YOUR OBJECTIVE: Whatever comes before the line containing "this 1500×1500 image." stays out; transcribe that line and all that follow to the end of the records exactly, with no pictures.

[Phrase grounding data]
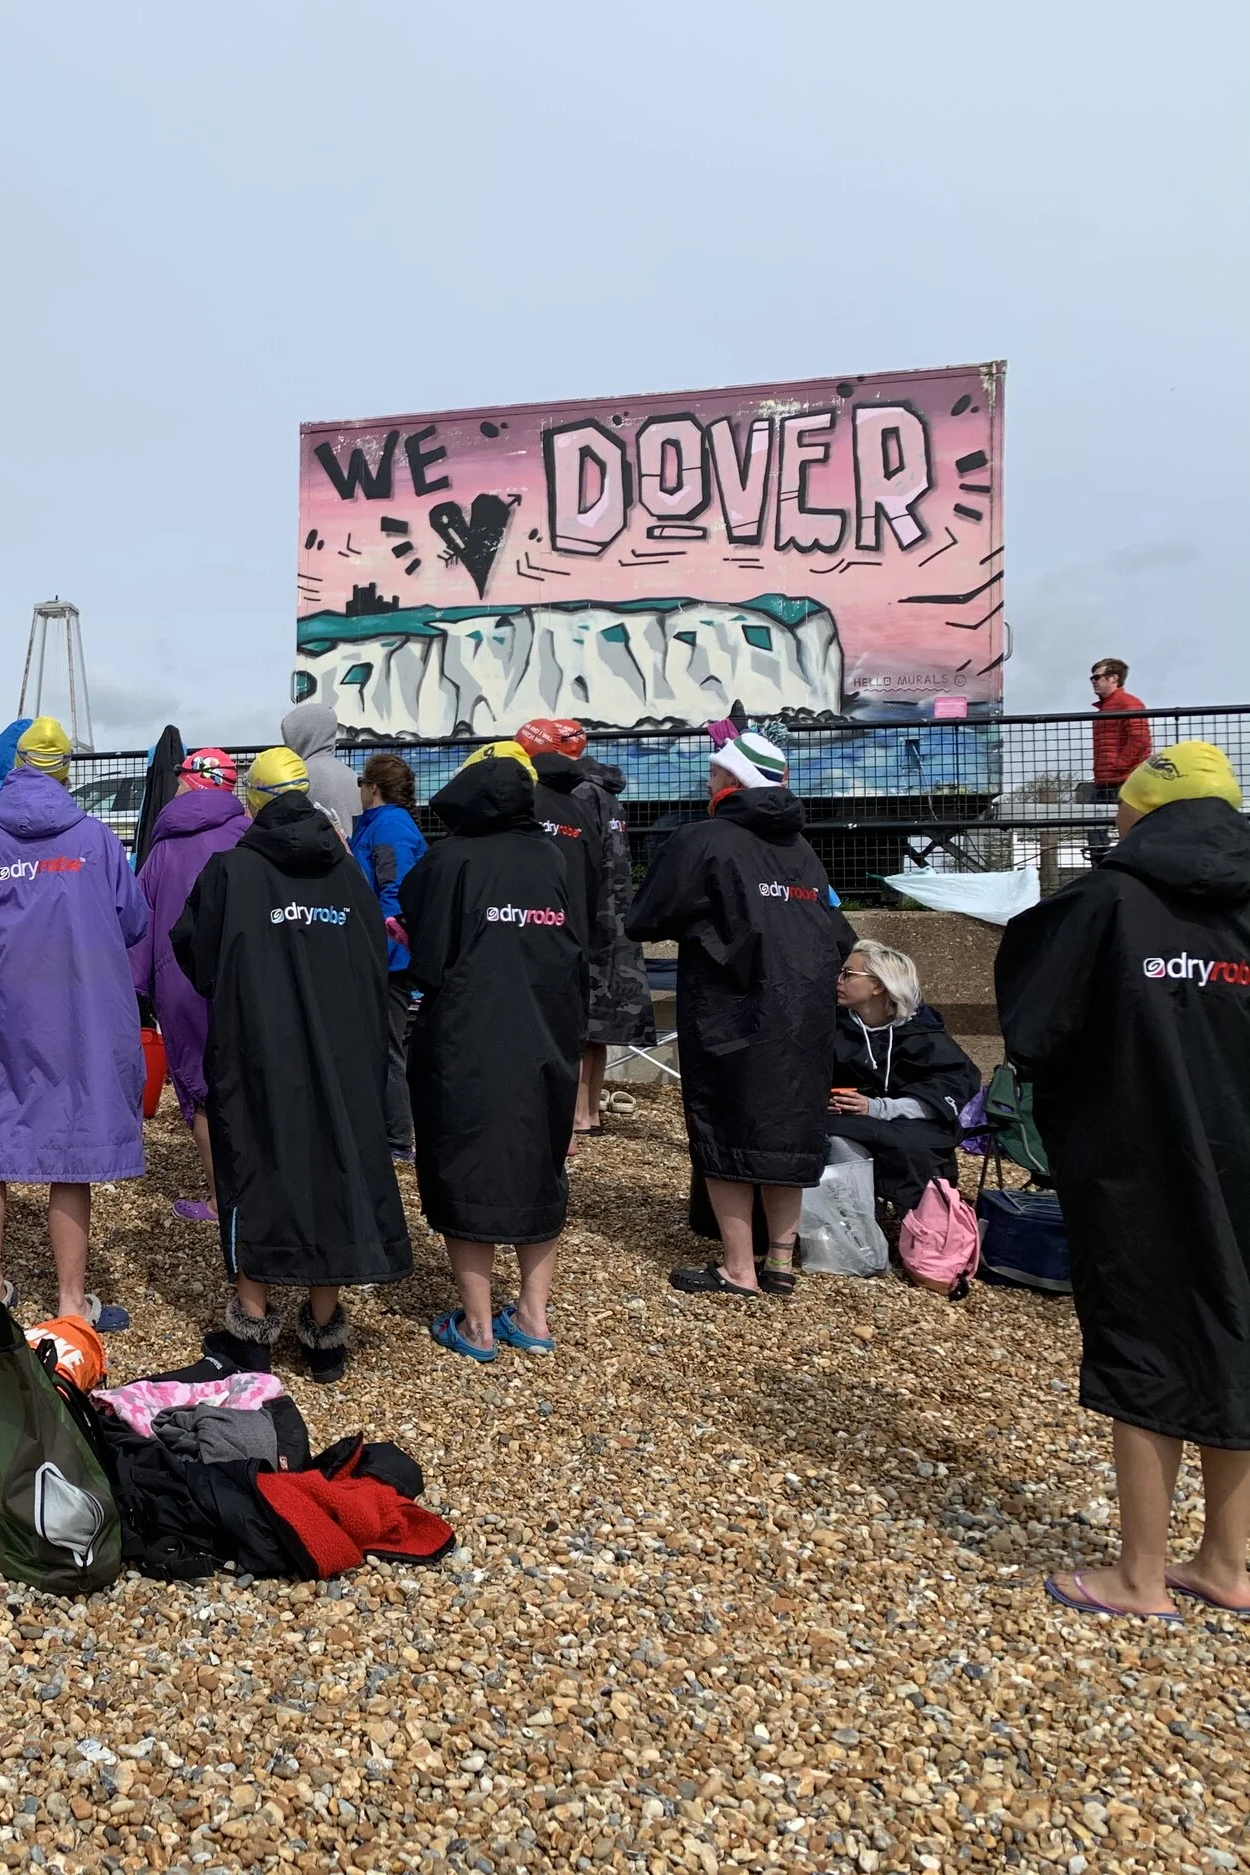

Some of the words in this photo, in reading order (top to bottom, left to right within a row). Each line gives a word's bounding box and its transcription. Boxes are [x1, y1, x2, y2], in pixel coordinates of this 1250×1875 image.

[314, 425, 450, 500] WE
[543, 401, 932, 557] DOVER
[853, 676, 891, 687] HELLO
[897, 674, 949, 685] MURALS
[10, 856, 83, 880] dryrobe
[284, 902, 346, 925] dryrobe
[500, 904, 565, 927] dryrobe
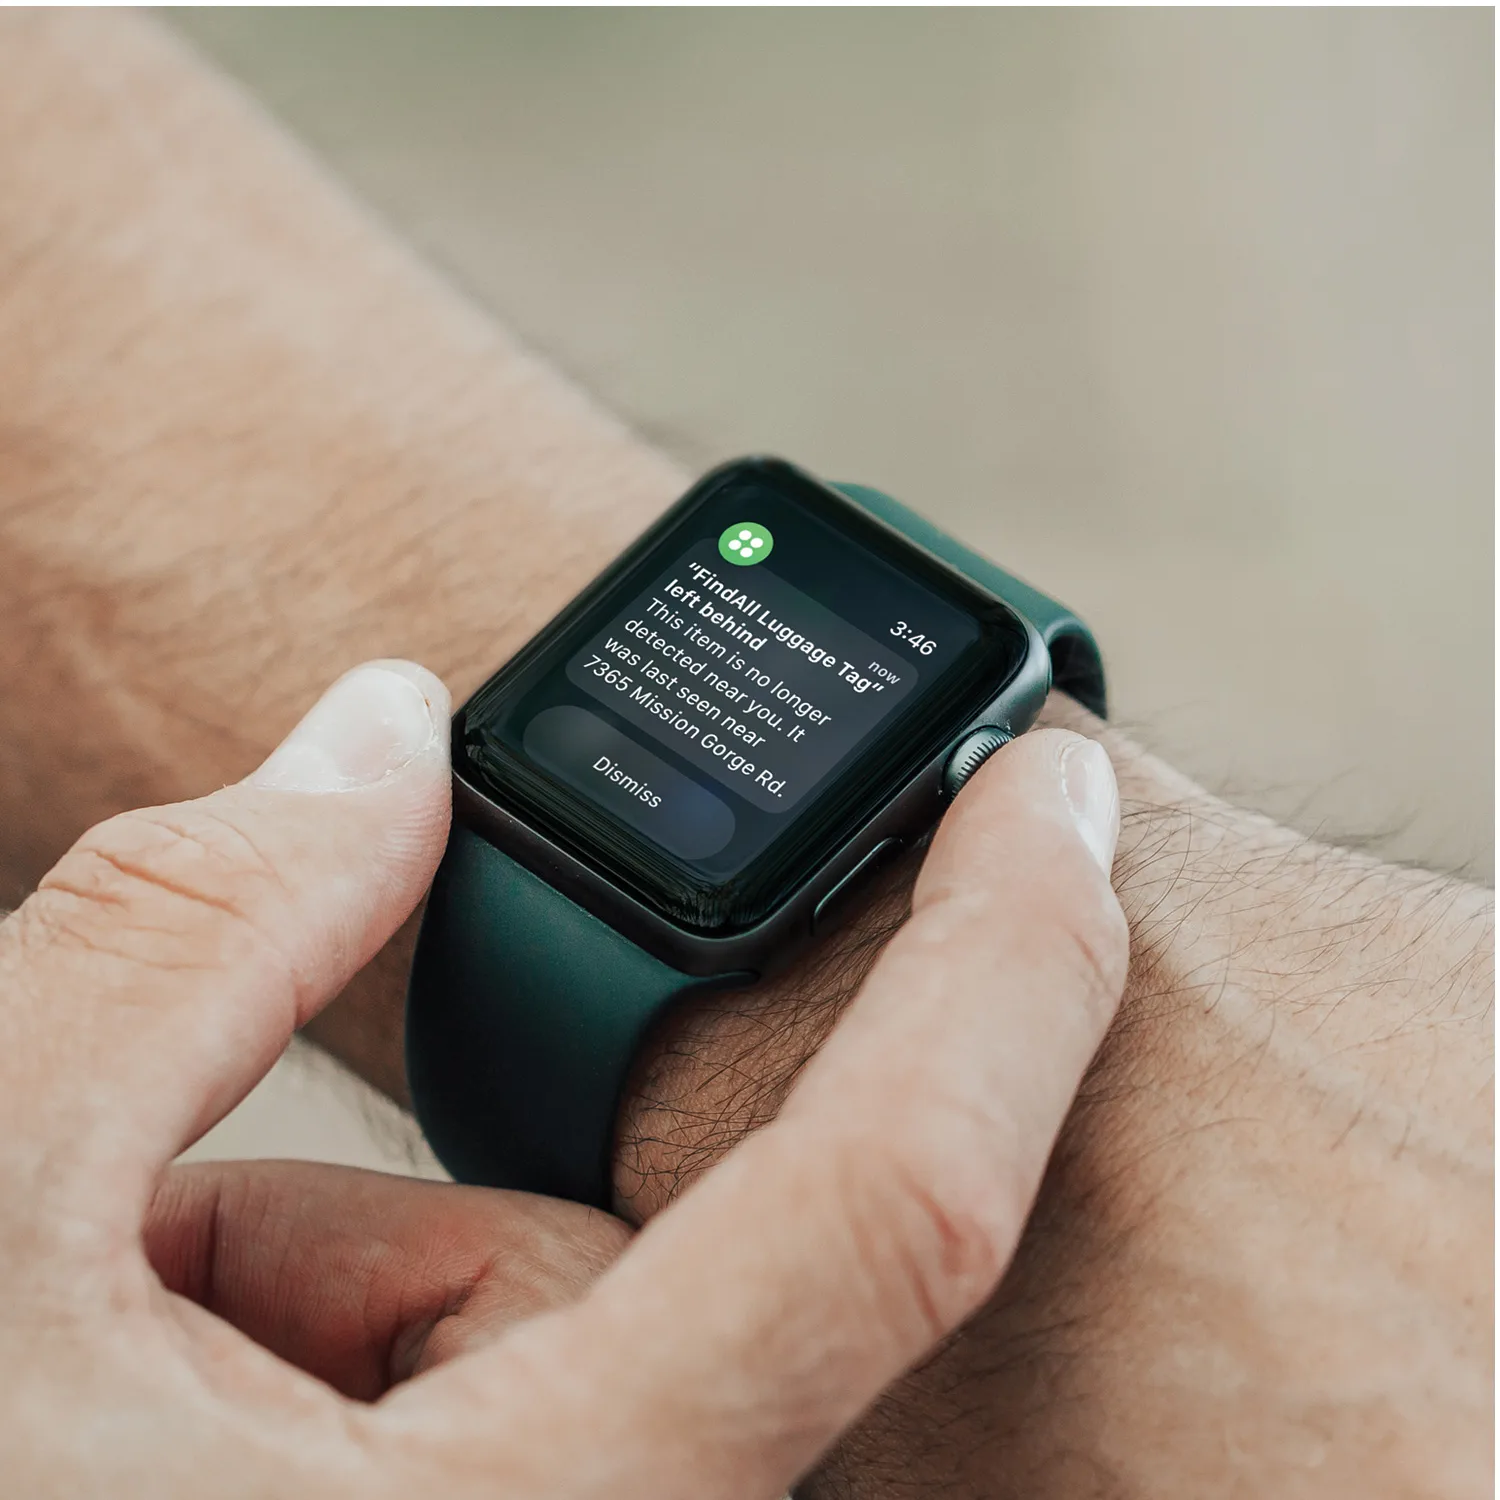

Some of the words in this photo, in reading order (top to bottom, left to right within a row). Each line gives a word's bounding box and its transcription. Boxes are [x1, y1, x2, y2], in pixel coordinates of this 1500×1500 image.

[664, 579, 700, 609] left
[698, 596, 768, 652] behind
[757, 609, 836, 668] Luggage
[890, 621, 938, 656] 3:46
[604, 638, 641, 666] was
[640, 659, 678, 691] last
[676, 684, 720, 720] seen
[721, 714, 766, 749] near
[625, 618, 707, 676] detected
[704, 670, 748, 703] near
[742, 698, 782, 732] you.
[787, 724, 807, 743] It
[646, 598, 684, 630] This
[685, 625, 727, 659] item
[726, 651, 746, 671] is
[745, 664, 771, 687] no
[770, 680, 831, 726] longer
[868, 660, 900, 685] now
[583, 655, 633, 692] 7365
[629, 688, 700, 739] Mission
[700, 733, 756, 776] Gorge
[756, 769, 786, 798] Rd.
[592, 756, 662, 808] Dismiss
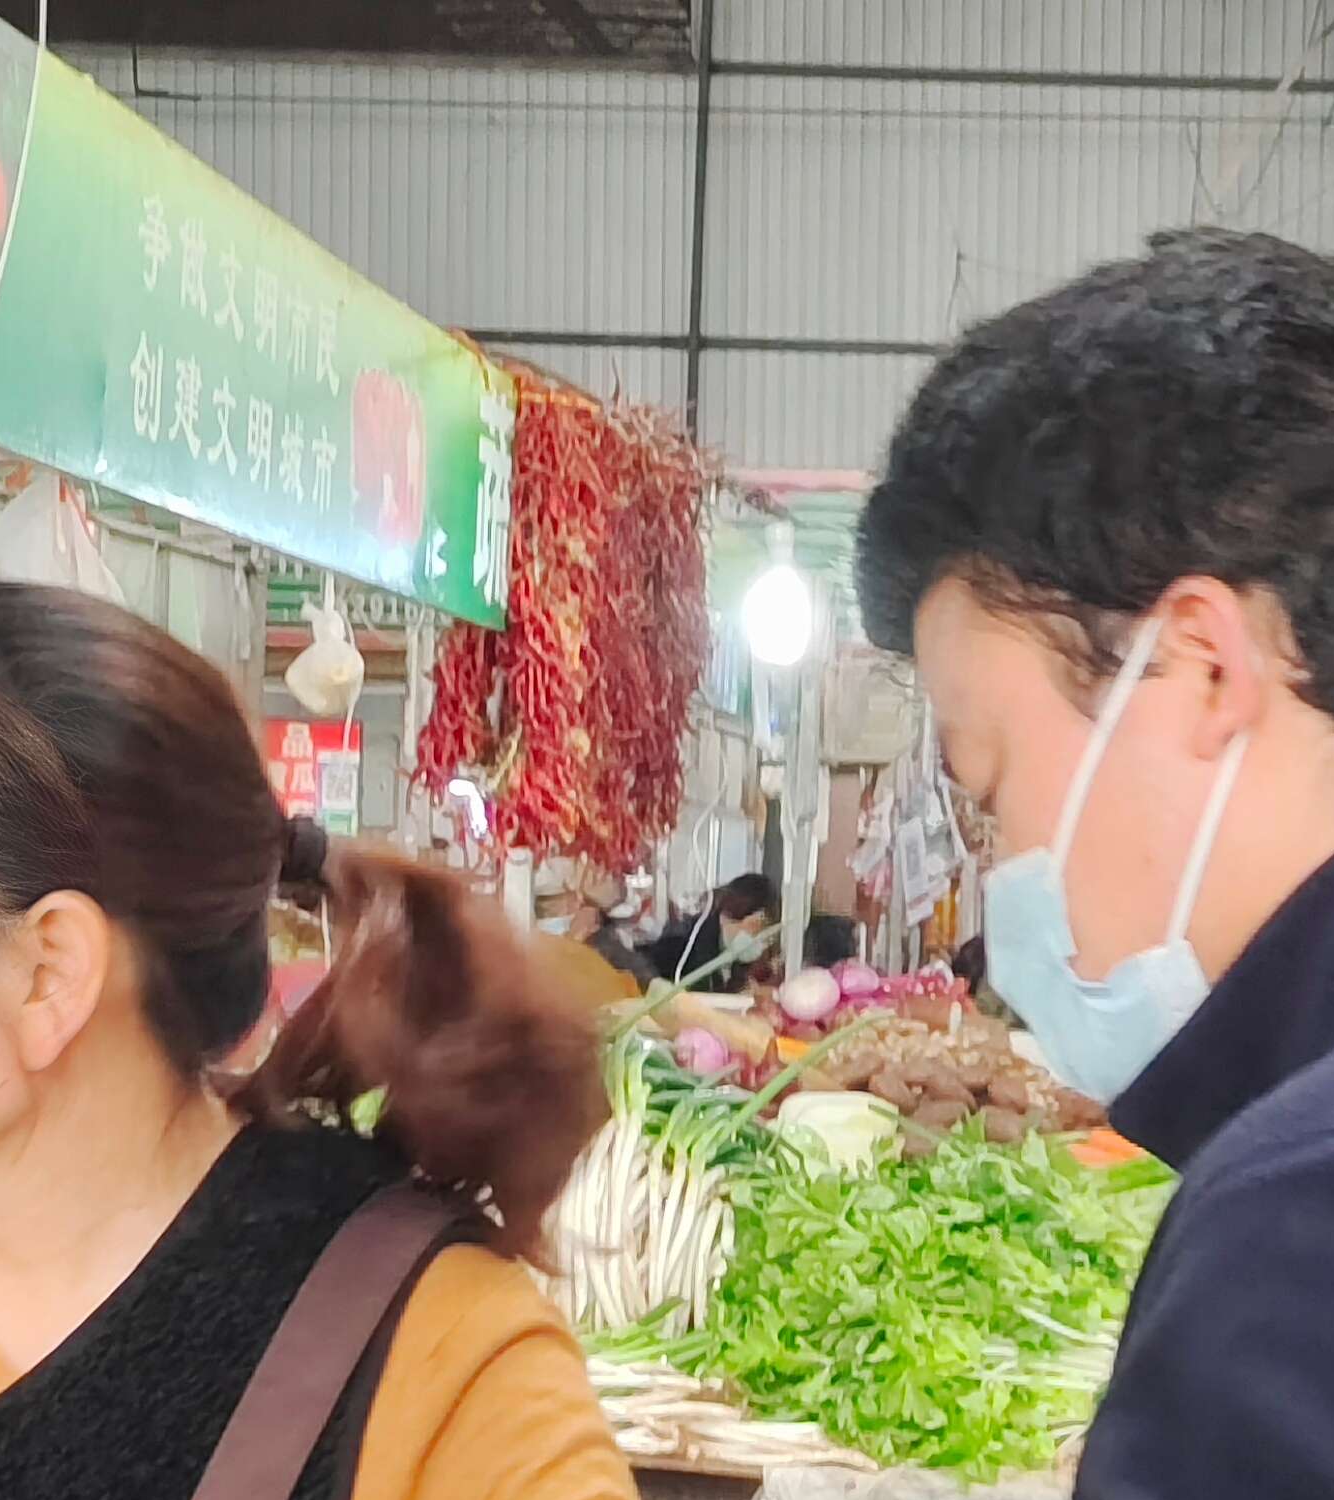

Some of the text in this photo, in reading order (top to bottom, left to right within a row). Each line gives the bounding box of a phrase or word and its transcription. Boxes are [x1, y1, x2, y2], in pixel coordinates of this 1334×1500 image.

[138, 194, 341, 397] 争做文明市民
[130, 330, 338, 513] 创建文明城市

ANSWER SECTION:
Some of the words in this photo, in reading order (top to bottom, left to right within a row). Each line gives a word's bounding box and its transcription. Boxes are [x1, y1, x2, y2], in pixel coordinates of this 1500×1500 image.

[664, 579, 700, 609] left
[698, 596, 768, 652] behind
[757, 609, 836, 668] Luggage
[890, 621, 938, 656] 3:46
[604, 638, 641, 666] was
[640, 659, 678, 691] last
[676, 684, 720, 720] seen
[721, 714, 766, 749] near
[625, 618, 707, 676] detected
[704, 670, 748, 703] near
[742, 698, 782, 732] you.
[787, 724, 807, 743] It
[646, 598, 684, 630] This
[685, 625, 727, 659] item
[726, 651, 746, 671] is
[745, 664, 771, 687] no
[770, 680, 831, 726] longer
[868, 660, 900, 685] now
[583, 655, 633, 692] 7365
[629, 688, 700, 739] Mission
[700, 733, 756, 776] Gorge
[756, 769, 786, 798] Rd.
[592, 756, 662, 808] Dismiss

Some of the text in this photo, in reading order (top to bottom, left to right within a row). Each line gives the bounding box of a phrase or word and its transcription. Boxes are [x1, y1, x2, y2], in pixel coordinates of this 1334×1500 image.

[138, 194, 341, 397] 争做文明市民
[130, 330, 338, 513] 创建文明城市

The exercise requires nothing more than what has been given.